Work to complete: The answer is the exact run of lines in the listing below from the line containing "this 1344×1404 image." up to and including the line containing "this 1600×1355 image.", with pictures removed.
Segment Start: Source data
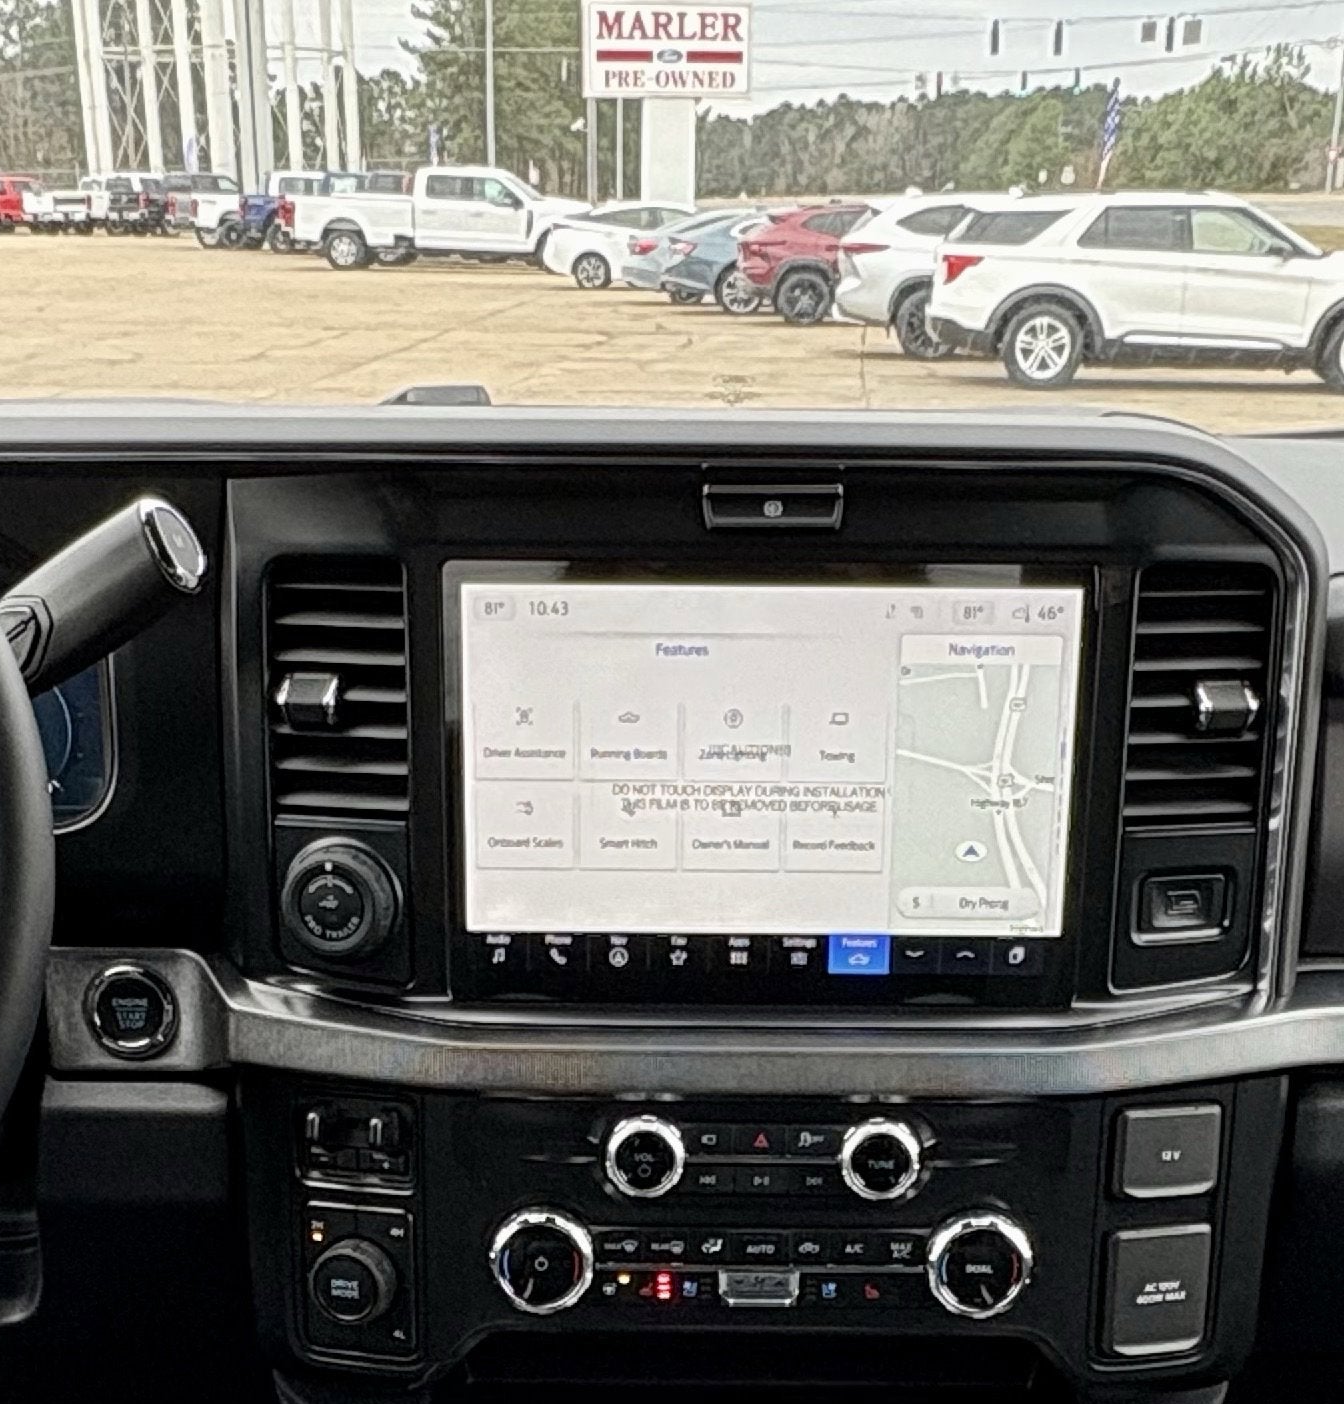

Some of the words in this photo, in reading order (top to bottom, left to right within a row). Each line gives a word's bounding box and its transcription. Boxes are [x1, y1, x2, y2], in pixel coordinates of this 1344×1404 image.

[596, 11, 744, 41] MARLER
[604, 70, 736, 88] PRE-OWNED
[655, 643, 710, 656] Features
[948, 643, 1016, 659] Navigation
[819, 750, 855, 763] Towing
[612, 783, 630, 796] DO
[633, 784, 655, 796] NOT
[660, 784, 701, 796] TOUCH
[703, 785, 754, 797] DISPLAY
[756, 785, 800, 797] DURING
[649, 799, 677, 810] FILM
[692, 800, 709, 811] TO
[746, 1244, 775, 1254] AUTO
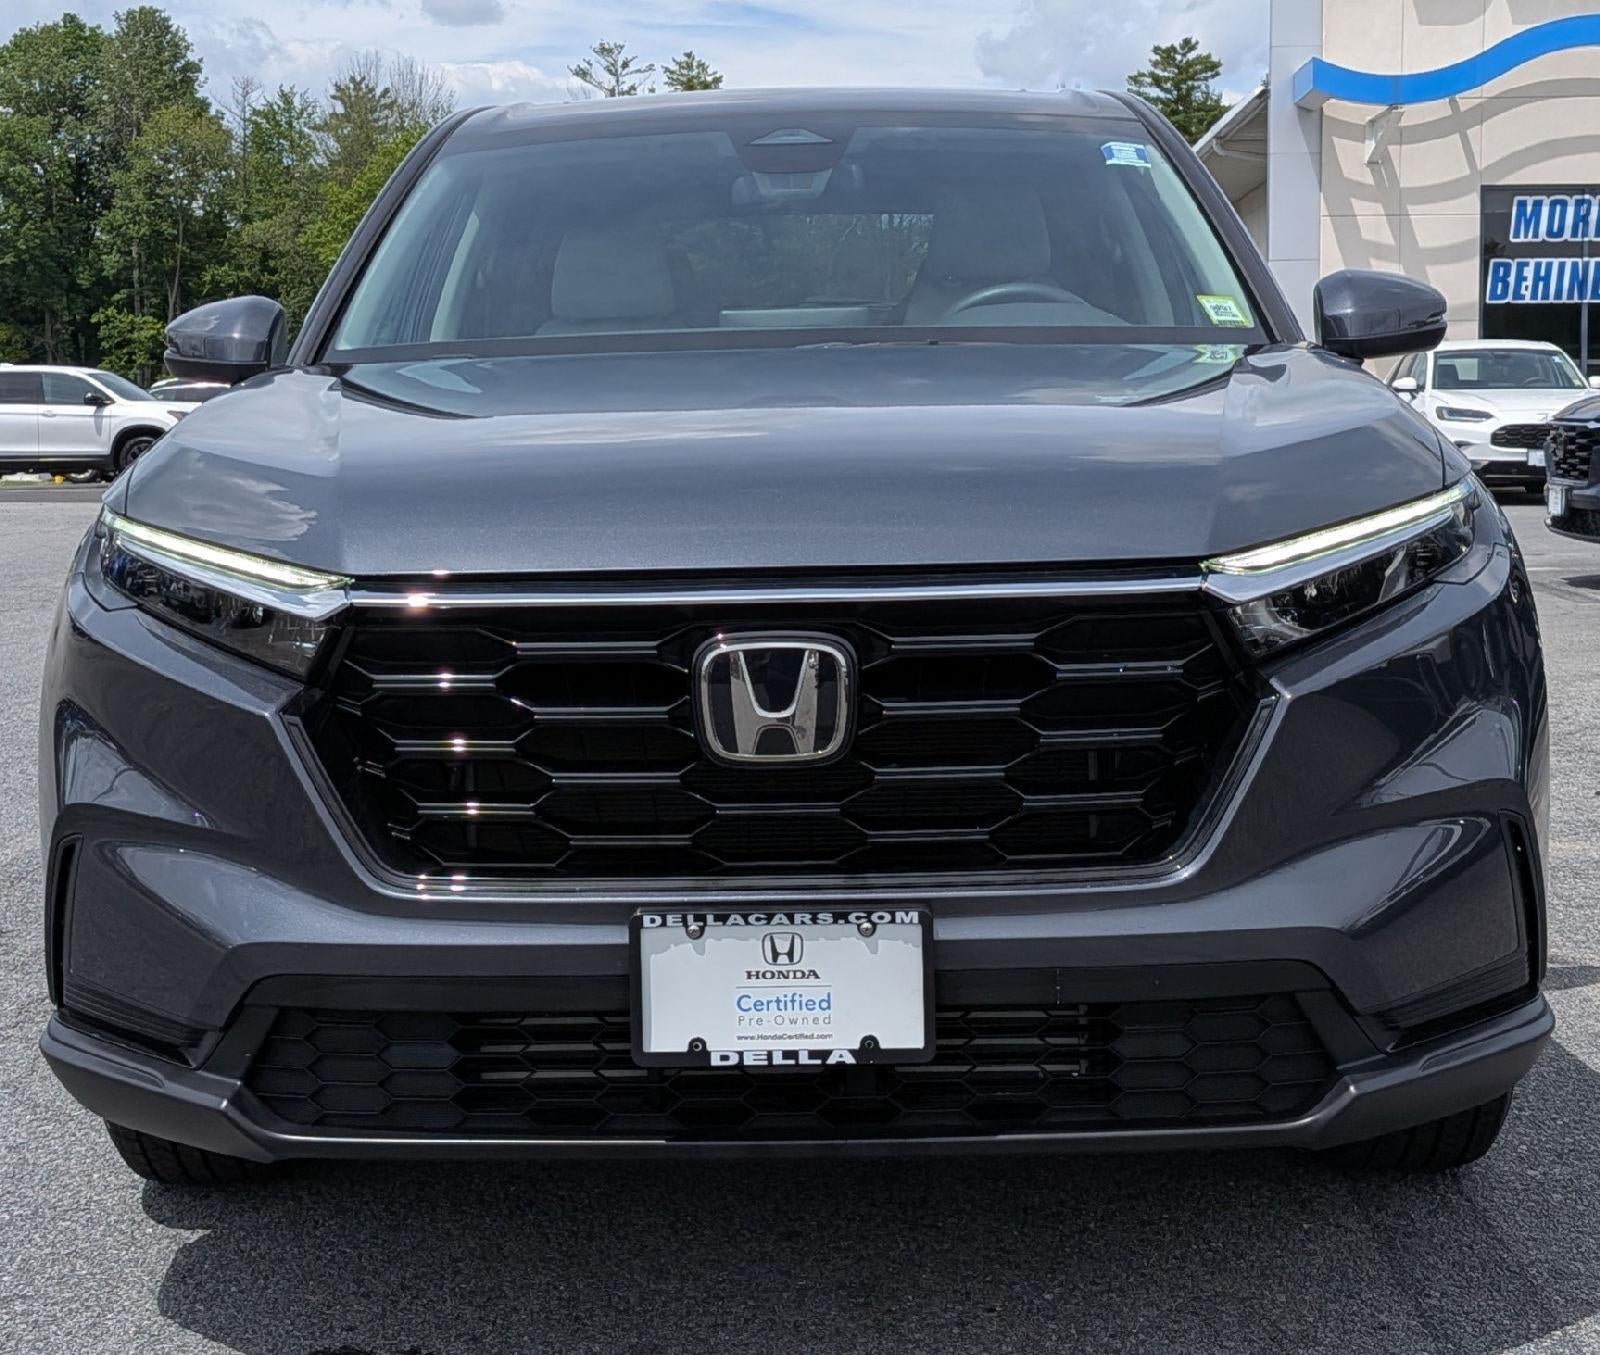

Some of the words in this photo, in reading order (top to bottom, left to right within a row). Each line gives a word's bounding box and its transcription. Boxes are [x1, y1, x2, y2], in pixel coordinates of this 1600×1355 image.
Segment End: Source data
Segment Start: Source data
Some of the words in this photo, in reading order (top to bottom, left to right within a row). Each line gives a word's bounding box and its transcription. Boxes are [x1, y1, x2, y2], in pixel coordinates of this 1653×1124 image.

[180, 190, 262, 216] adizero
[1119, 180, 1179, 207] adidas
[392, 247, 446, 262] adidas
Segment End: Source data
Written answer:
Some of the words in this photo, in reading order (top to bottom, left to right within a row). Each line gives a word's bounding box and its transcription. Boxes are [x1, y1, x2, y2], in pixel coordinates of this 1344×1404 image.

[596, 11, 744, 41] MARLER
[604, 70, 736, 88] PRE-OWNED
[655, 643, 710, 656] Features
[948, 643, 1016, 659] Navigation
[819, 750, 855, 763] Towing
[612, 783, 630, 796] DO
[633, 784, 655, 796] NOT
[660, 784, 701, 796] TOUCH
[703, 785, 754, 797] DISPLAY
[756, 785, 800, 797] DURING
[649, 799, 677, 810] FILM
[692, 800, 709, 811] TO
[746, 1244, 775, 1254] AUTO

Some of the words in this photo, in reading order (top to bottom, left to right within a row). Each line gives a word's bounding box and its transcription. Boxes are [x1, y1, x2, y2], in pixel coordinates of this 1600×1355 image.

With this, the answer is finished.